The 39 organizations of the Council of Student Organizations (CSO) had their hopes high as they waited for the results of the mid-year re-accreditation. After the results were relayed, they discovered that almost all of the organizations’ grades were miscalculated –a mishap that was nonetheless, an honest mistake.
Paul Vincent Abanador, president of the Physics Society (Physoc) says that he immediately approached the CSO Executive Board (EB) when he noticed a miscalculation in his organization’s final grade. He approached the council a week after receiving the results.
“When they [CSO EB] gave us the results, I noticed that there was a number [grade] missing in the computation. Sharm [CSO chair] said that she might have missed something,” he narrates. The missing component the accreditation committee oversaw was the grade for quality of activities. The grade determines whether the members find the activities provided by the organization worthy of their membership fees.

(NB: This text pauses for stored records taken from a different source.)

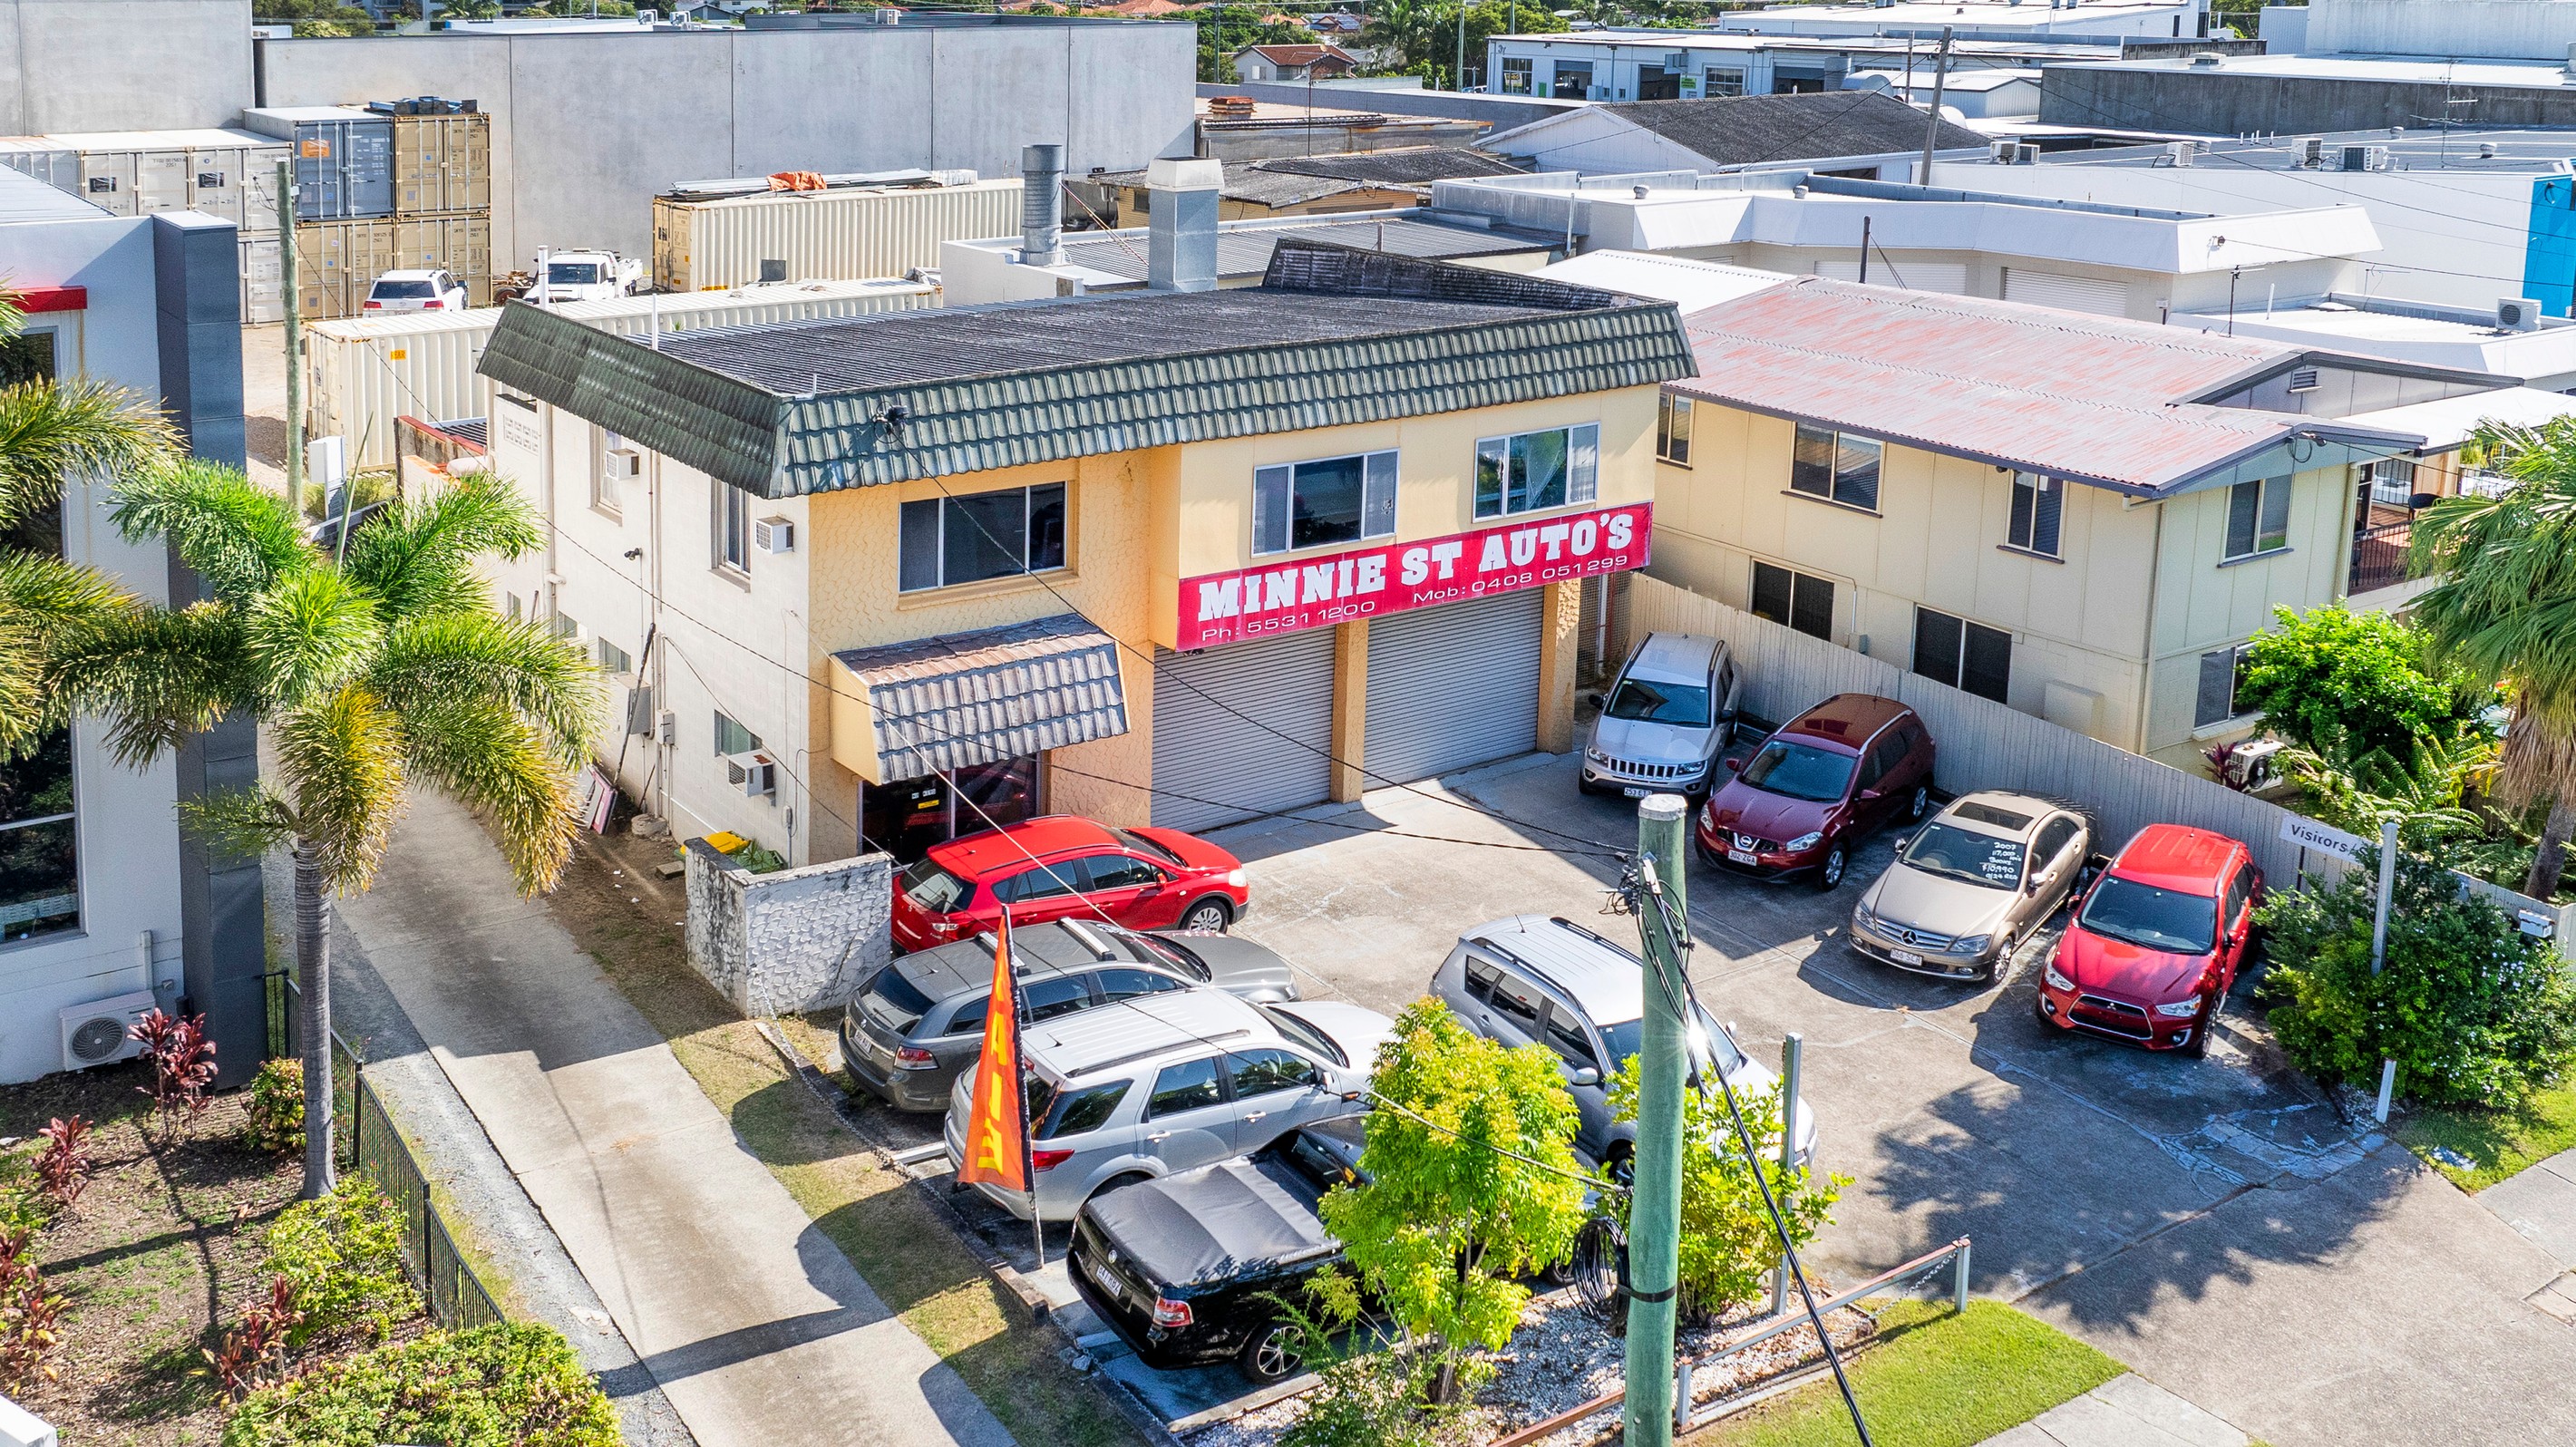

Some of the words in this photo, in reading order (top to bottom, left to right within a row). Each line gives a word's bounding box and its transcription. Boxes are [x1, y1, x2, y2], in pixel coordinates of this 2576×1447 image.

[1198, 554, 1387, 622] MINNIE
[1401, 540, 1463, 586] ST
[1479, 513, 1633, 572] AUTO'S
[1201, 625, 1240, 642] Ph:
[1247, 612, 1308, 634] 5531
[1317, 600, 1375, 621] 1200
[1413, 586, 1466, 604] Mob:
[1472, 571, 1532, 593] 0408
[1541, 563, 1581, 580] 051
[1587, 555, 1628, 572] 299
[1994, 842, 2016, 850] 2007
[2291, 824, 2348, 853] Visitors
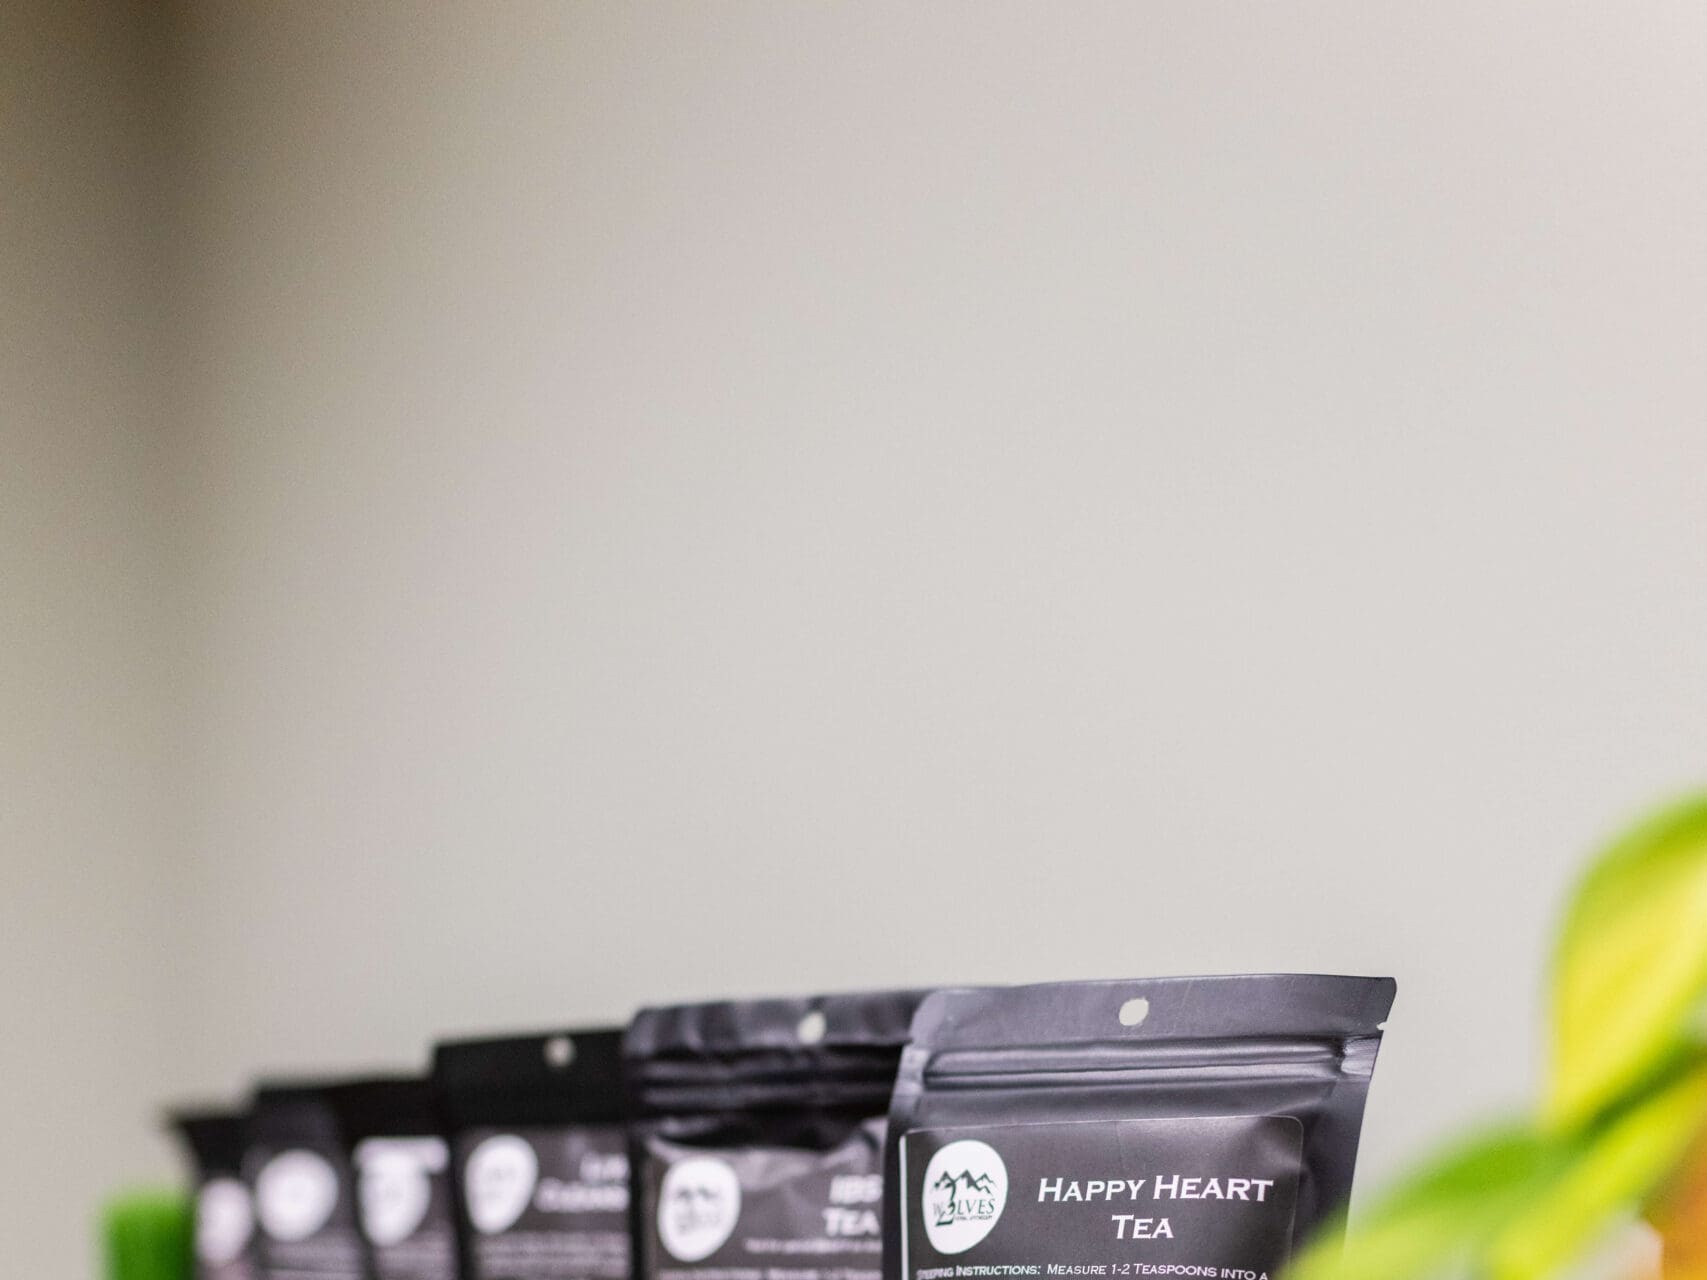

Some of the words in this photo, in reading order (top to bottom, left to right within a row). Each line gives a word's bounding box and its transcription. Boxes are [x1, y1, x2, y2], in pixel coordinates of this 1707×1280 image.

[1038, 1177, 1146, 1202] HAPPY
[1152, 1175, 1274, 1202] HEART
[822, 1207, 880, 1236] TEA
[1111, 1214, 1174, 1240] TEA
[956, 1265, 1041, 1277] INSTRUCTIONS:
[1047, 1263, 1107, 1275] MEASURE
[1111, 1263, 1130, 1275] 1-2
[1133, 1263, 1217, 1277] TEASPOONS
[1220, 1268, 1256, 1280] INTO
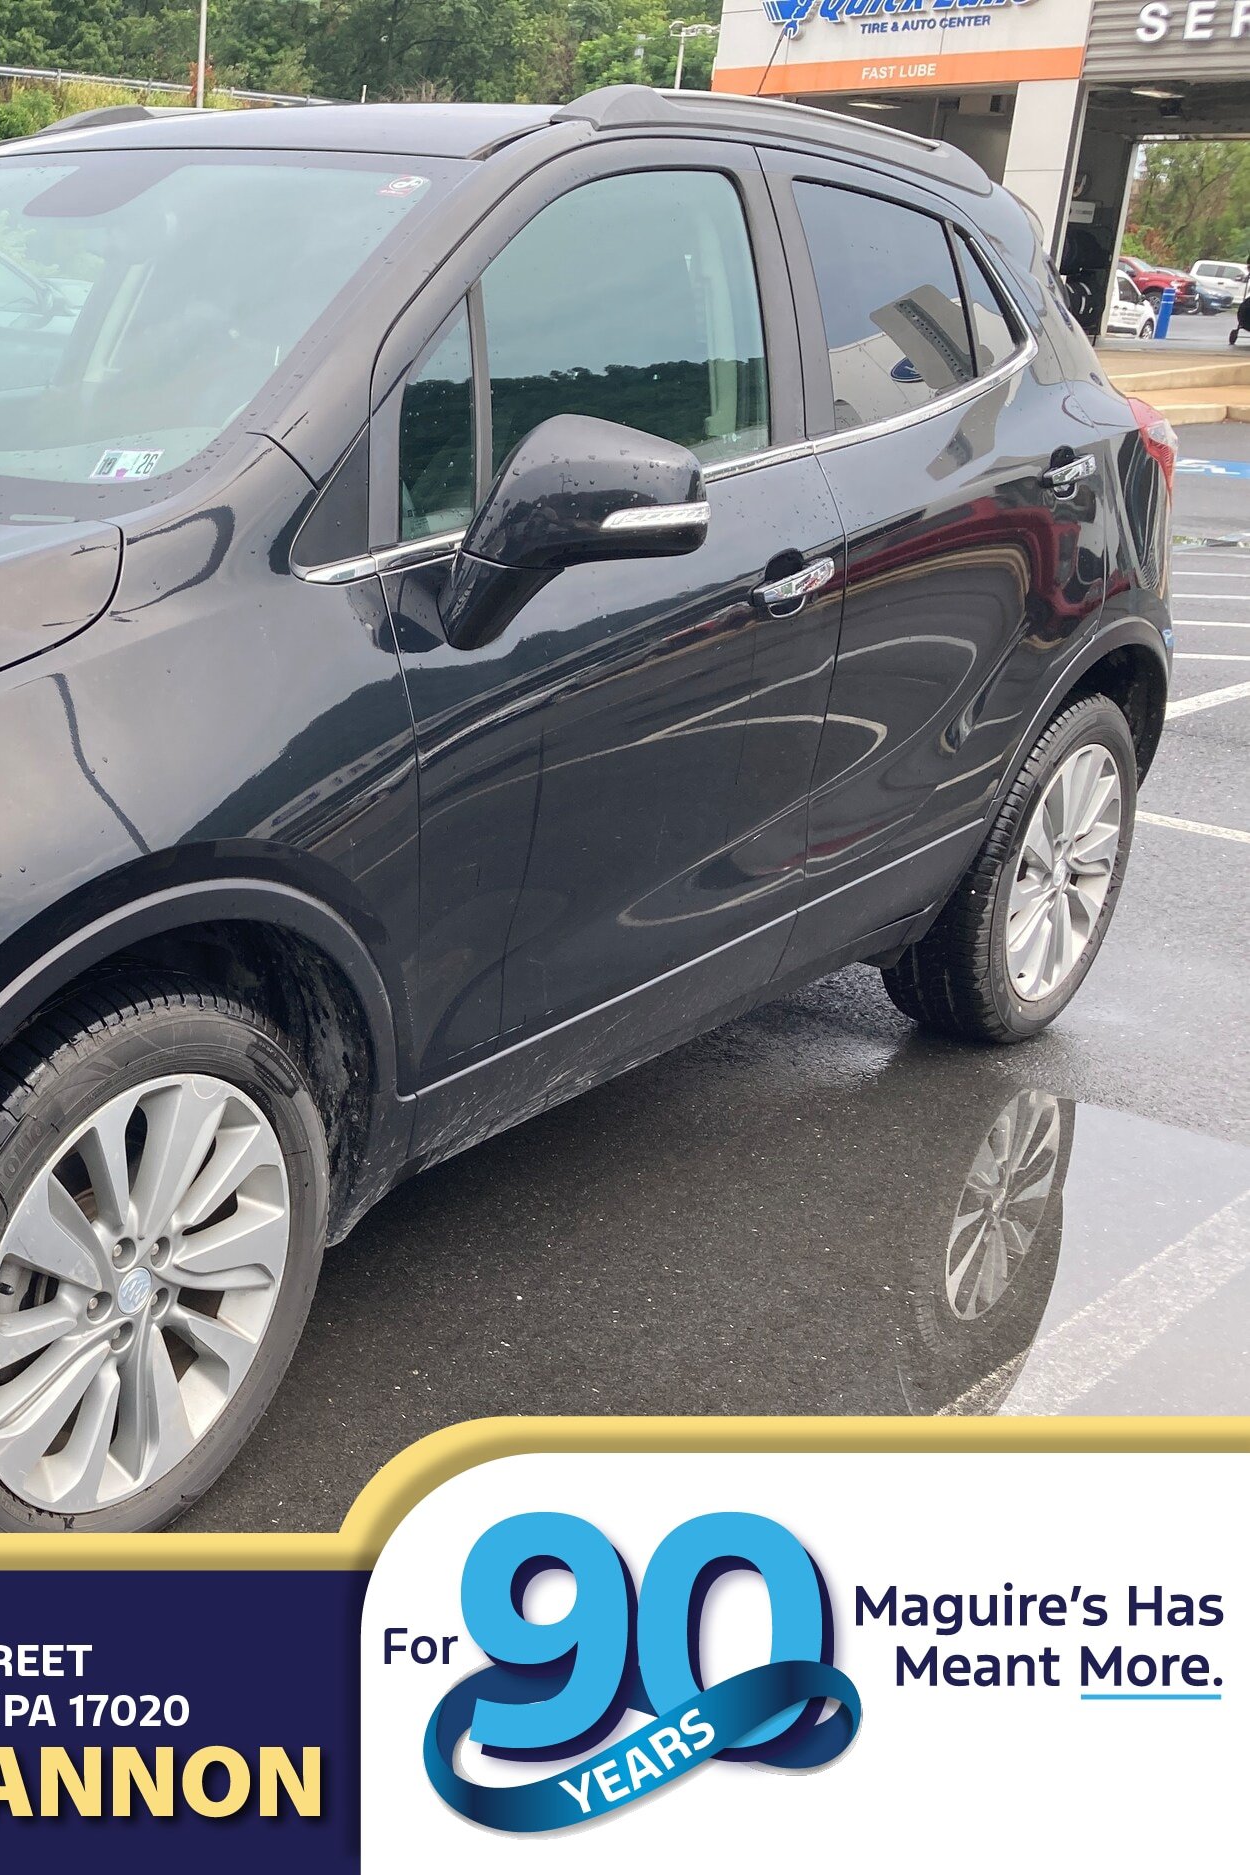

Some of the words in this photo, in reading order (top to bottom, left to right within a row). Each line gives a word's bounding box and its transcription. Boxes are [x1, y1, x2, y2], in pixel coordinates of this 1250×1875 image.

[860, 22, 888, 34] TIRE
[890, 21, 899, 32] &
[901, 18, 937, 31] AUTO
[939, 14, 991, 29] CENTER
[861, 65, 896, 80] FAST
[899, 63, 937, 78] LUBE
[135, 453, 159, 474] 26

Thirty eight of the 39 organizations’ grades were miscalculated. Abanador shares that the other presidents also noticed the mistake in their final grades and immediately raised their concerns to the EB.
“One org lang yung tama yung computation [They only got one organization’s grade right],” continues Abanador. The grades of the 39 organizations were computed alphabetically. It was the Association of Computer Engineering Students’ (ACCESS) grade that was computed first; the accreditation committee correctly graded the organization because the organization’s “quality of activities grade” was not missed out. The grades of the other 38 organizations had to be corrected.
Abanador furthers that the CSO EB was slow to respond to the concern of his organization regarding the miscalculation. He also affirms that he made sure that there was indeed a mistake on the part of the accreditation committee before raising his concern.
In a council meeting after Abanador raised his concern, Evelyn Lopez- Esparrago, S-Life Coordinator, and CSO Chair Sharmina Ganchua announced that due to the complaints received from the presidents, a rechecking of re-accreditation results were accomplished and a miscalculation was incurred.
Esparrago apologized to organizations. “She explained how the mistake happened. Sinabi nya na may part na na-miss out sila [She told us that they missed out on a certain part],” he recalls.
The accreditation committee computed the grades in Microsoft file; they overlooked one column of cells that was left blank. “What happened was, it [blank column cells] was counted as zero,” Abanador furthers. The CSO EB gave the correction to the organization presidents.
A rearrangement of the initial Top 10 Organizations was the result of the correction of grades. The computation of ACCESS’ grade remained the same, but its ranking was changed from sixth place to the tenth. The rest of the organizations in the Top 7-9 moved one rank higher.
He reiterates that Esparaggo and the accreditation committee were fully objective in the grading of the 39 organizations.
“My point [in raising the miscalculation concern] was to make it fair for the other organizations because I know their grades were also miscalculated,” explains Abanador. He adds that he has never encountered such a mistake in the three years he was with PhySoc.
Organization presidents like Abanador did not hold anything against the CSO EB or the accreditation committee for the miscalculations done. It was good that the corrections were made and the council was accountable for it. In the future though, such instances should be avoided and the CSO EB should be quicker to respond to such concerns.
The Lasallian tried to reach Gan-chua through different modes of communication but she did not respond.
*Editor’s note: In the November issue of The Lasallian , the top 10 CSO accreditation ranking published was the original list.